*** Source material Section Begins ***
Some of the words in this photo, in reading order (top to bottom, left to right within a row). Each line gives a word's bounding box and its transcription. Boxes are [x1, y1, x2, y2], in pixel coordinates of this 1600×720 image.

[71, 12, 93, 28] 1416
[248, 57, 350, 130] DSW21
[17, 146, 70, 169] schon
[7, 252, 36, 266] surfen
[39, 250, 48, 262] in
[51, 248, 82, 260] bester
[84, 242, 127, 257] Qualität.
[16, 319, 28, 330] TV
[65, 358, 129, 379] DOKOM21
*** Source material Section Ends ***
» Assigned task
Each record is to be repeated exactly.

» Response to this exercise
Some of the words in this photo, in reading order (top to bottom, left to right within a row). Each line gives a word's bounding box and its transcription. Boxes are [x1, y1, x2, y2], in pixel coordinates of this 1600×720 image.

[71, 12, 93, 28] 1416
[248, 57, 350, 130] DSW21
[17, 146, 70, 169] schon
[7, 252, 36, 266] surfen
[39, 250, 48, 262] in
[51, 248, 82, 260] bester
[84, 242, 127, 257] Qualität.
[16, 319, 28, 330] TV
[65, 358, 129, 379] DOKOM21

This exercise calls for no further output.